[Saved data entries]
========================================================================
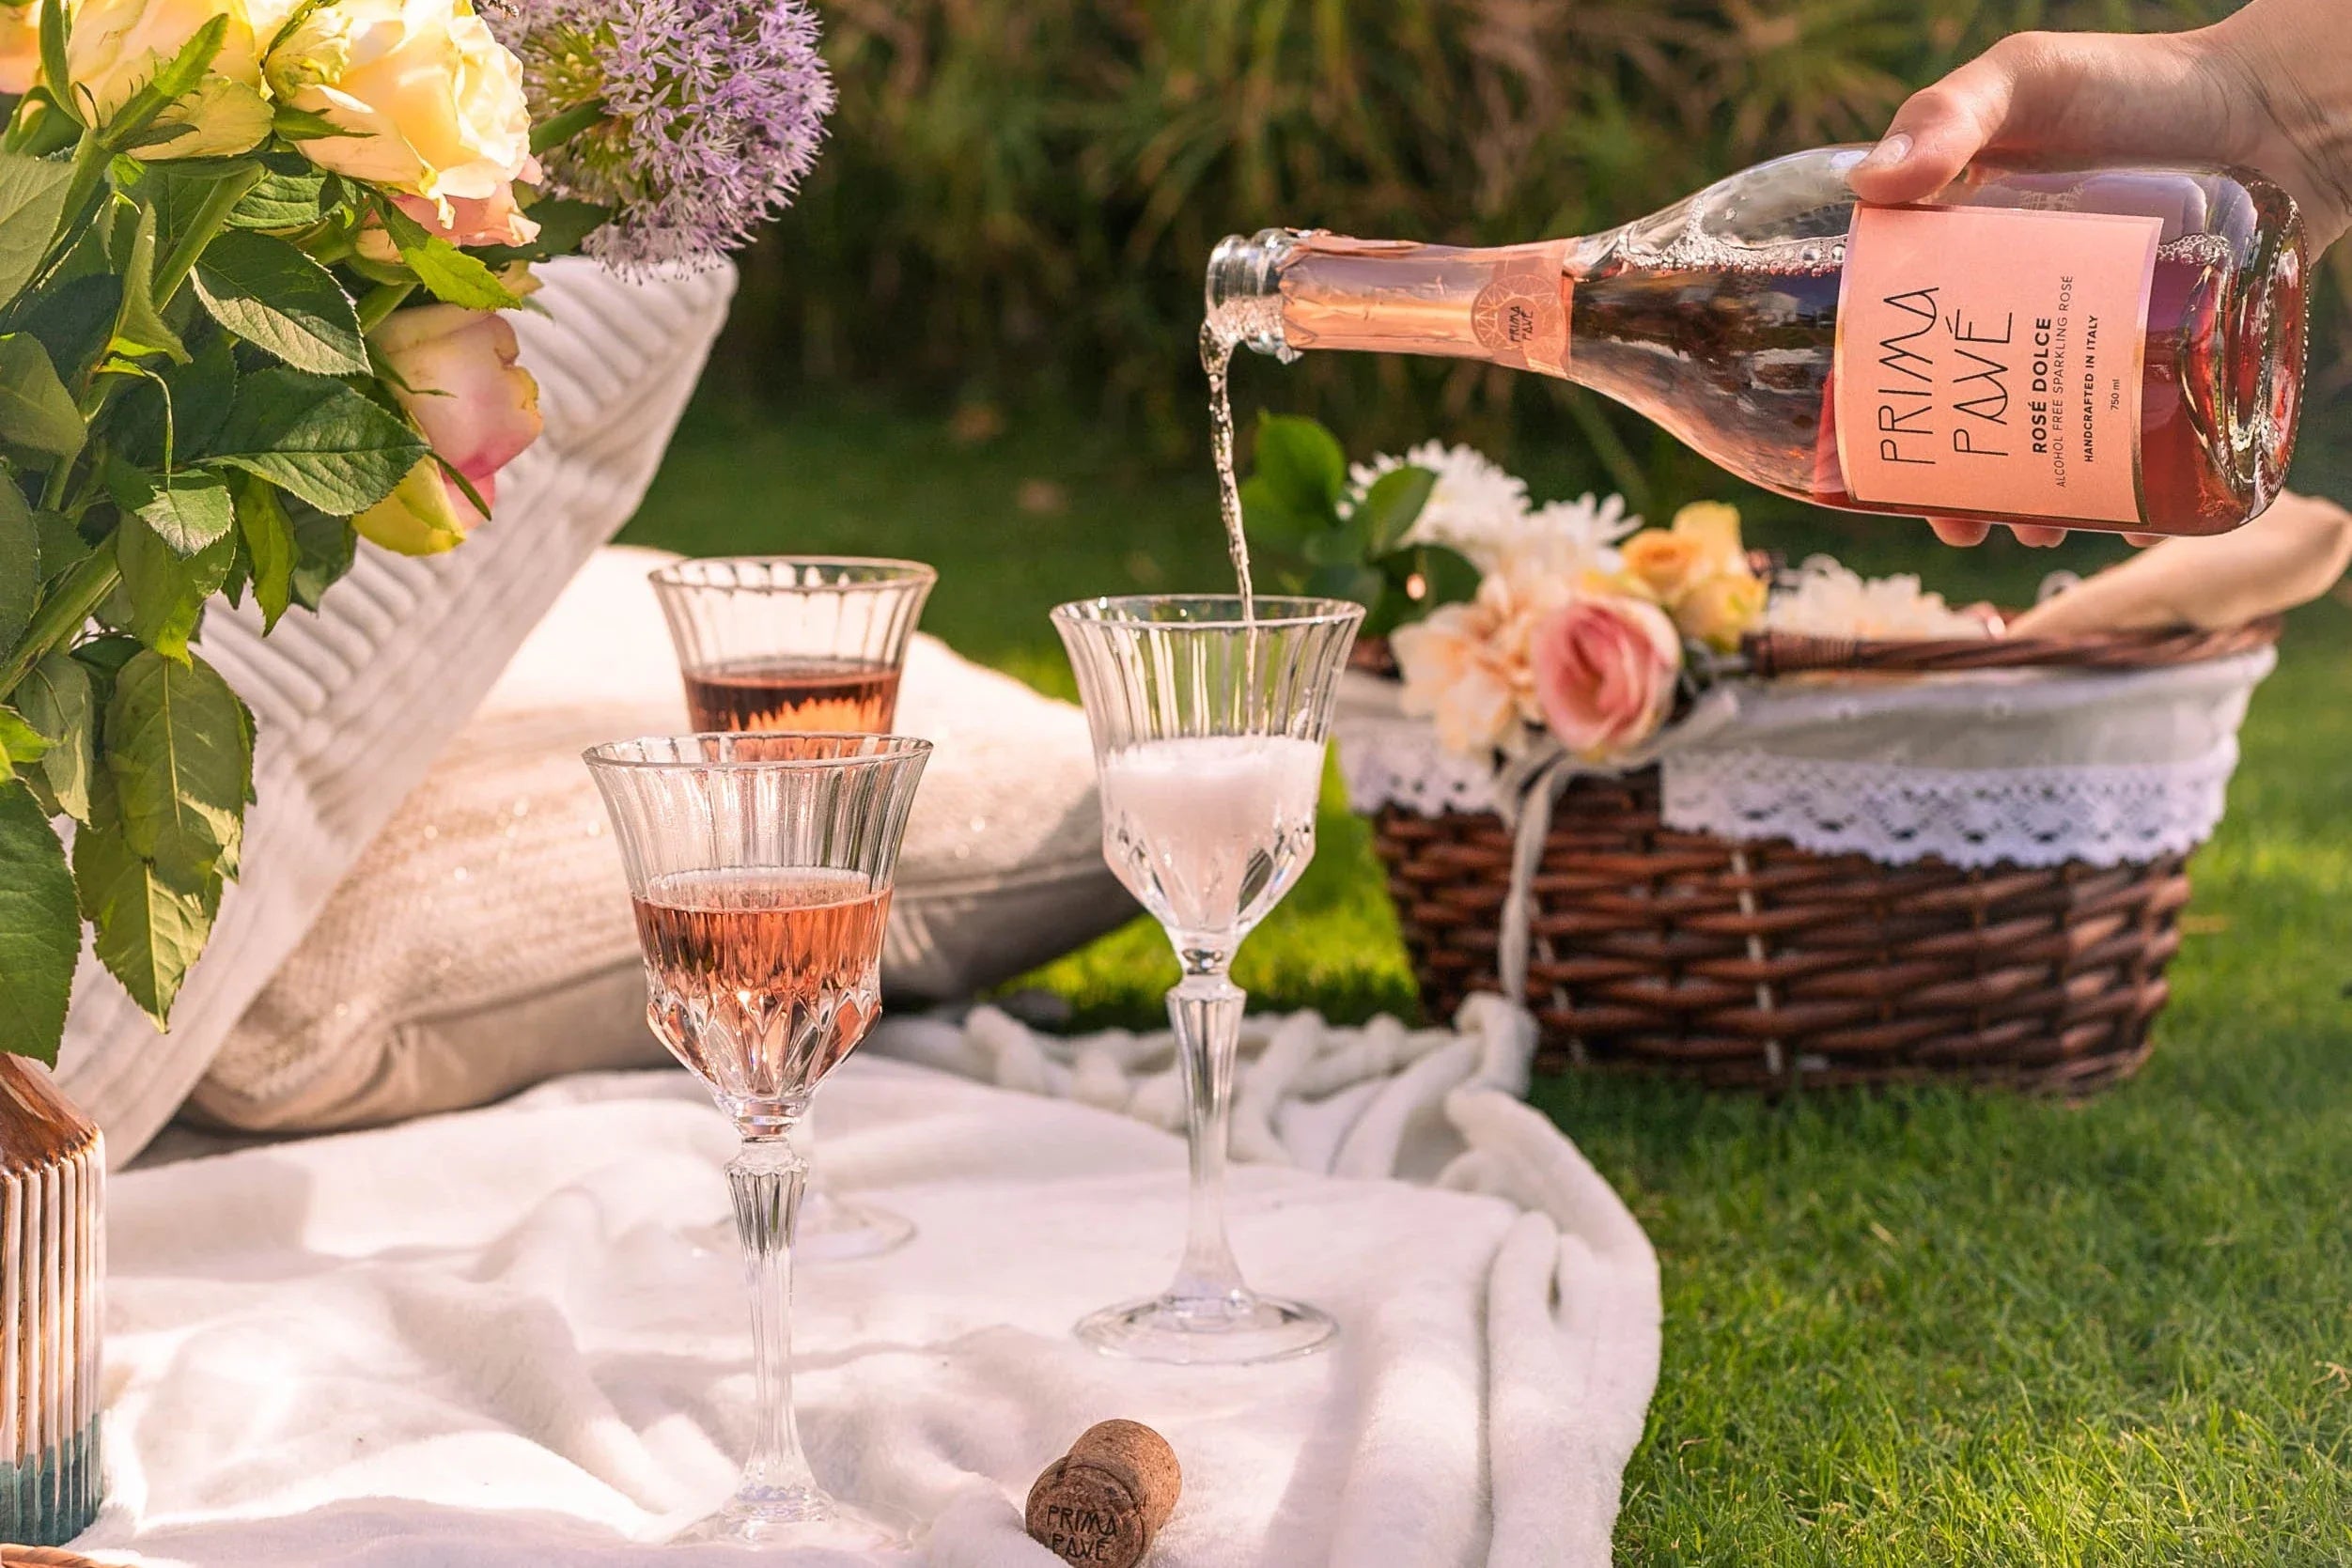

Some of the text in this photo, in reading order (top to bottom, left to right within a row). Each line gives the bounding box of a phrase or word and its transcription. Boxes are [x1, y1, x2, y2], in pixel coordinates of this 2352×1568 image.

[1509, 305, 1520, 343] PRIMA
[1877, 287, 1940, 465] PRIMA
[1944, 308, 2014, 457] PAVÉ
[2028, 318, 2051, 454] ROSÉ DOLCE
[2052, 275, 2074, 488] ALCOHOL FREE SPARKLING ROSÉ
[2083, 315, 2098, 462] HANDCRAFTED IN ITALY
[2111, 378, 2121, 411] 750 ml
[1047, 1505, 1117, 1538] PRIMA
========================================================================
*Task statement:*
A faithful copy of all the data above, without its pictures, is the expected result.

*Answer box:*
Some of the text in this photo, in reading order (top to bottom, left to right within a row). Each line gives the bounding box of a phrase or word and its transcription. Boxes are [x1, y1, x2, y2], in pixel coordinates of this 2352×1568 image.

[1509, 305, 1520, 343] PRIMA
[1877, 287, 1940, 465] PRIMA
[1944, 308, 2014, 457] PAVÉ
[2028, 318, 2051, 454] ROSÉ DOLCE
[2052, 275, 2074, 488] ALCOHOL FREE SPARKLING ROSÉ
[2083, 315, 2098, 462] HANDCRAFTED IN ITALY
[2111, 378, 2121, 411] 750 ml
[1047, 1505, 1117, 1538] PRIMA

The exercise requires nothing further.